This test demonstrates how to remove cell borders and column annotations for a cleaner look.

```{r test_visual_control, fig.width=12, fig.height=8}
heatmap_con <- create_single_cell_complex_heatmap(
  seurat_object = seurat_obj,
  features = features,
  gene_classification = gene_groups,
  group_by = "group",
  
  # NEW: Visual control parameters
  show_cell_borders = FALSE,
  show_column_annotation = FALSE,
  
  # Other parameters for a clean plot
  split_by = "none",
  cluster_cells = TRUE
)
```

## Gene Name Mapping

This test shows how to replace default gene names (e.g., symbols) with custom labels on the y-axis.

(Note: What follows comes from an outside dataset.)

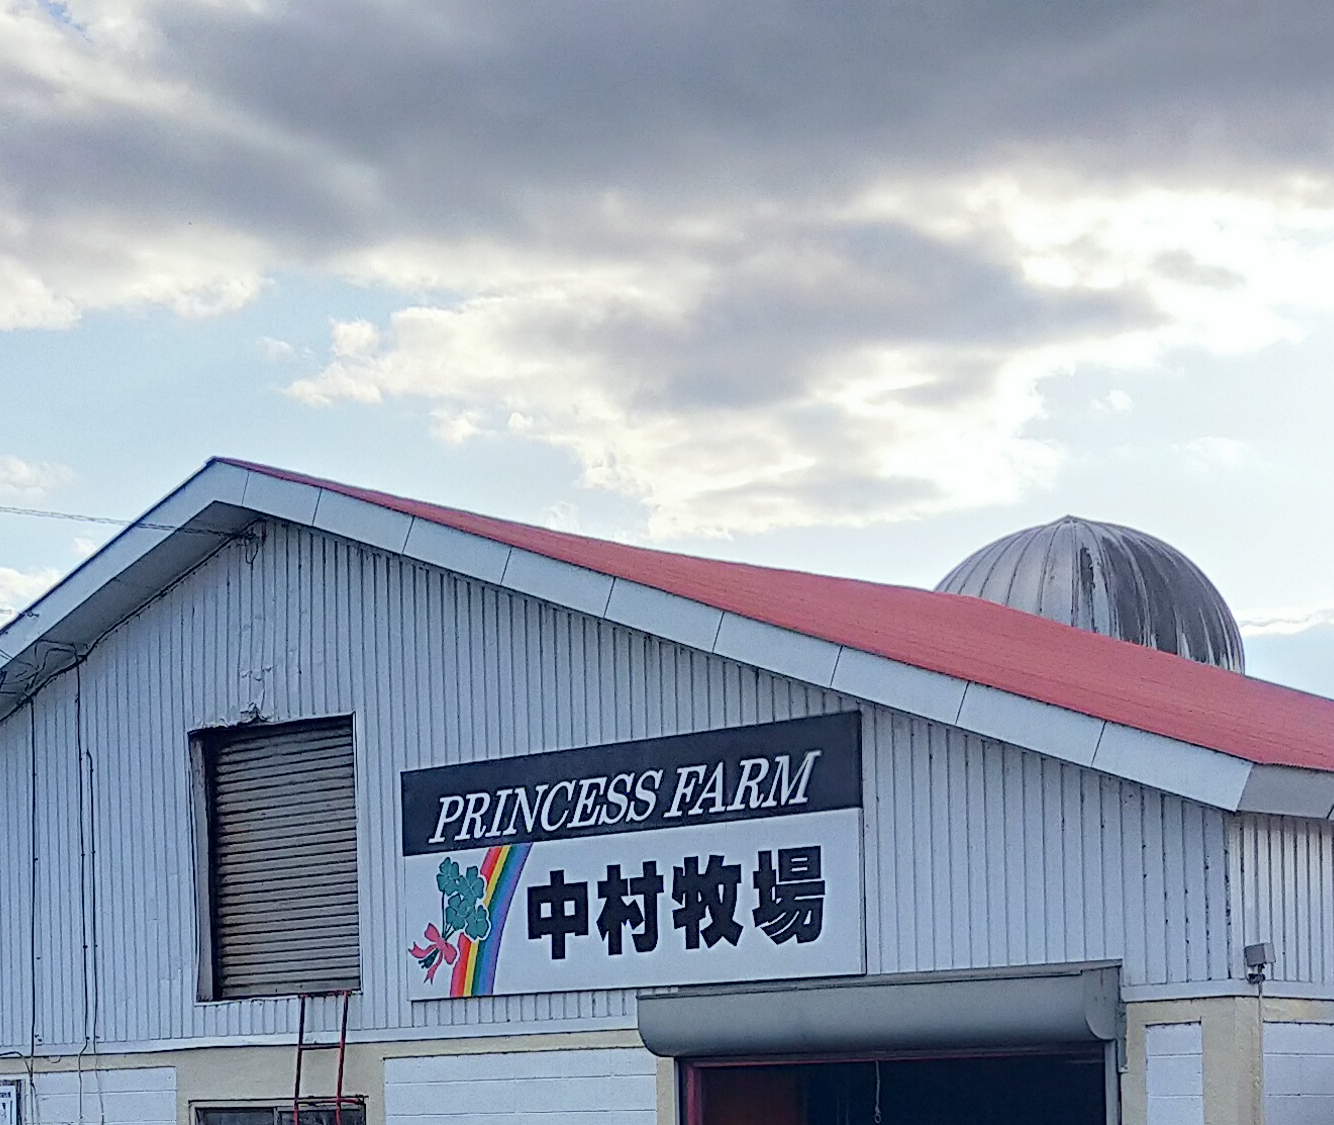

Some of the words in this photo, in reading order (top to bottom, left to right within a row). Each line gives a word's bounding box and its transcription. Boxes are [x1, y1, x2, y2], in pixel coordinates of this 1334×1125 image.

[428, 768, 664, 843] PRINCESS
[664, 749, 822, 818] FARM
[527, 845, 826, 960] 中村牧場

```{r test_gene_mapping, fig.width=12, fig.height=8}
# Create a mapping for a subset of genes
gene_mapping <- c(
  "CD3D" = "T-cell Receptor CD3d",
  "CD79A" = "B-cell Antigen Receptor CD79a",
  "GZMK" = "Granzyme K",
  "NKG7" = "Natural Killer Cell Granule Protein 7"
)

heatmap_map <- create_single_cell_complex_heatmap(
  seurat_object = seurat_obj,
  features = features,
  gene_classification = gene_groups,
  group_by = "group",
  
  # NEW: Gene name mapping
  gene_name_mapping = gene_mapping,
  
  row_fontsize = 9
)
```

## Clustering Control

You can control clustering behavior for both genes and cells:

```{r clustering_control, fig.width=12, fig.height=8}
# Custom clustering
heatmap_clustering <- create_single_cell_complex_heatmap(
  seurat_object = seurat_obj,
  features = features,
  group_by = "group",
  cluster_cells = TRUE,
  cluster_features = TRUE,
  clustering_distance_rows = "pearson",
  clustering_method_rows = "ward.D2",
  clustering_distance_cols = "euclidean",
  clustering_method_cols = "complete"
)
```

# Different Use Cases

## Case 1: Time Course Analysis

For time course experiments, focus on temporal patterns:

```{r time_course, fig.width=12, fig.height=8}
# Time course focused analysis
heatmap_time <- create_single_cell_complex_heatmap(
  seurat_object = seurat_obj,
  features = features,
  group_by = "group",
  time_points_order = c("Mock", "6hpi", "24hpi"),
  cell_types_order = c("T_cell", "B_cell", "Monocyte"),
  split_by = "time",
  show_celltype_annotation = TRUE,
  show_time_annotation = TRUE
)
```

## Case 2: Cell Type Comparison

For cell type-focused analysis:

```{r cell_type, fig.width=12, fig.height=8}
# Cell type focused analysis
heatmap_celltype <- create_single_cell_complex_heatmap(
  seurat_object = seurat_obj,
  features = features,
  group_by = "celltype",
  split_by = "celltype",
  show_time_annotation = FALSE,
  show_celltype_annotation = TRUE
)
```

## Case 3: Simple Expression Analysis

For basic expression visualization without grouping:

```{r simple, fig.width=8, fig.height=6}
# Simple analysis
heatmap_sample <- create_single_cell_complex_heatmap(
  seurat_object = seurat_obj,
  features = features,
  gene_classification = NULL,  # No gene grouping
  group_by = "group",
  show_time_annotation = FALSE,
  show_celltype_annotation = FALSE,
  split_by = "none"
)
```

# Comprehensive Example

This final example combines several new and existing features to create a highly customized, publication-ready plot.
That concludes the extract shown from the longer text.